The central site, which remains operational, posts real articles, but they're simply pulled from news agencies like Reuters and given a new byline. Its other content can be stilted to the point of surreality. The site description is just the first paragraph of Wikipedia's entry for "broadcasting." Facebook and Twitter accounts post links to these articles and other pages, some of which are equally awkward. A poll posted by "Joseph Nilsson" on Facebook, archived by iSight, asks readers whether they prefer "nature beauty" (a pond) or "human related beauty" (a beautiful woman.) These social media posts, according to the report, are meant to clinch the hackers' victory. They would send readers to fake login pages for Yahoo, Google, and Outlook Web Access, asking them to enter their credentials before redirecting them to the content. The ultimate goal, it's speculated, would be to conduct military surveillance or steal state secrets, revealing details about US-Israeli relations or even information about weapons programs.

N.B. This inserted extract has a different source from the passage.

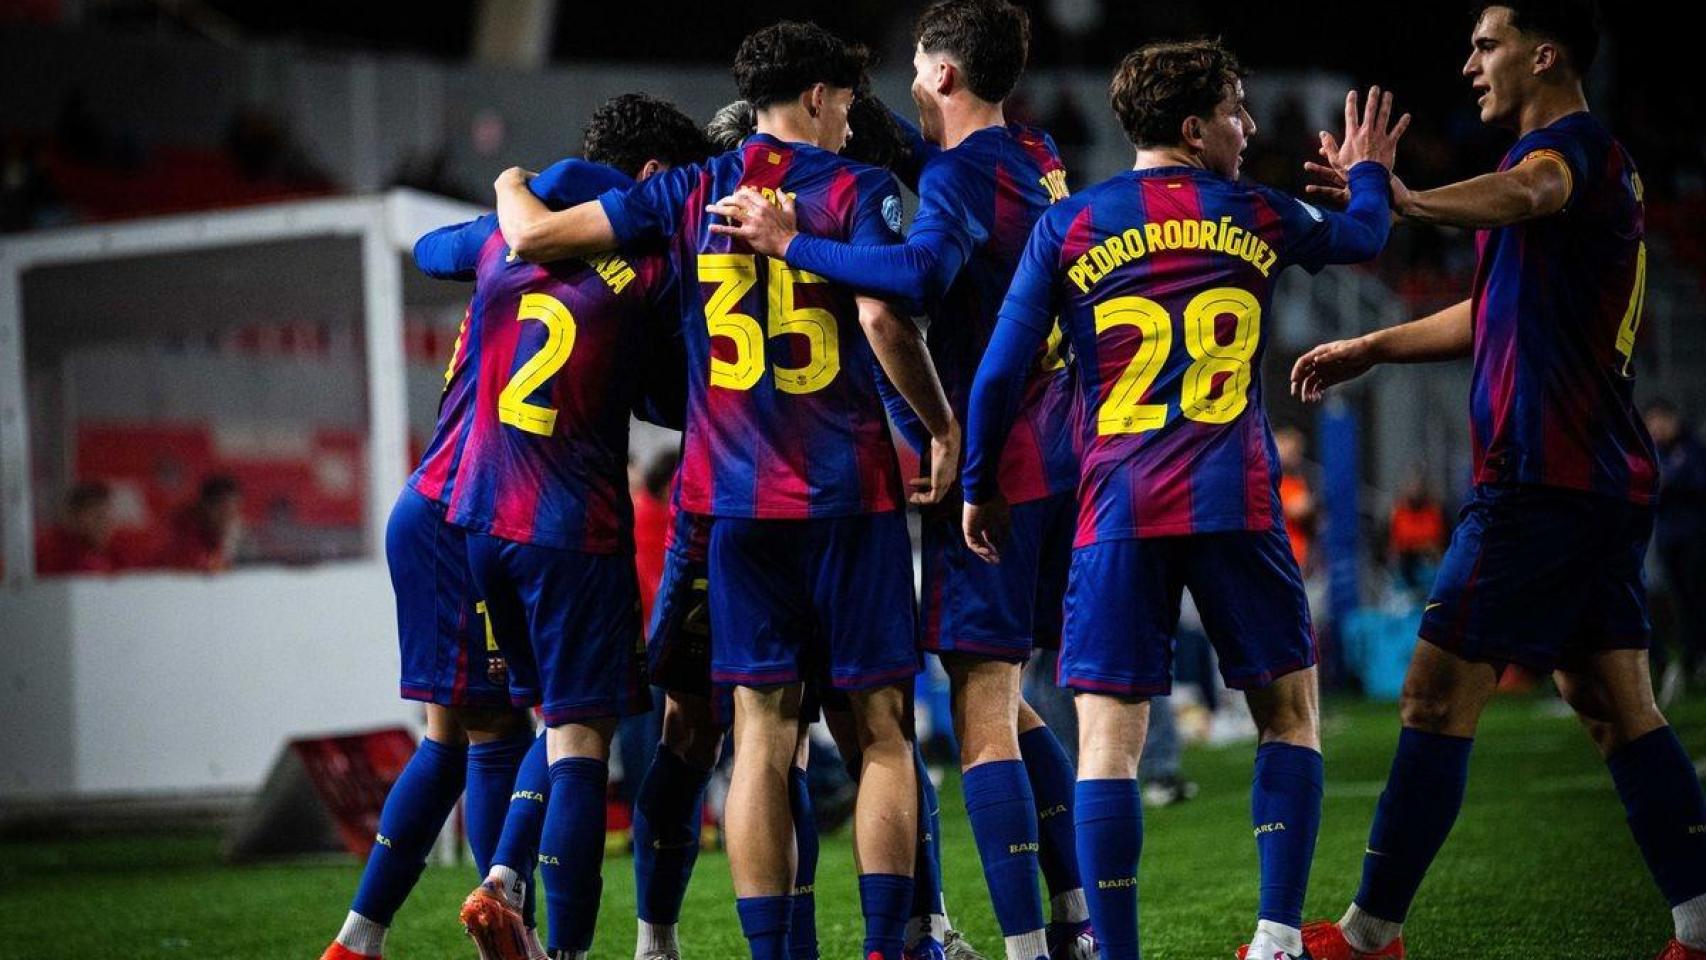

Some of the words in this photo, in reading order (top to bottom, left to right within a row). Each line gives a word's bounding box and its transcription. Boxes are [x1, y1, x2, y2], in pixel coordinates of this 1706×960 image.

Were any of the targets who friended NewsOnAir members taken in by the phishing scheme? It's not clear. The report directs potential victims to call the FBI's Cyber Task Force; the bureau didn't confirm or deny whether it had received any complaints, or whether it was aware of the network beforehand. iSight says it's "reasonable" to assume "a vast amount of social content was compromised in addition to some number of log-in credentials," but that appears to be based largely on conjecture. The group declined comment on any further details. The report also doesn't definitively say whether the group is Iranian. Among other things, the central domain was registered in Tehran, and members posted on a schedule consistent with normal business hours in the city. iSight also cites the "distinctly Persion" term "parastoo," used as a password for malware related to the group. If the report is correct, it certainly wouldn't be the most destructive campaign around, but it would undoubtedly one of the most elaborate.
Update May 29th, 2014 1:15pm: Updated with response from iSight.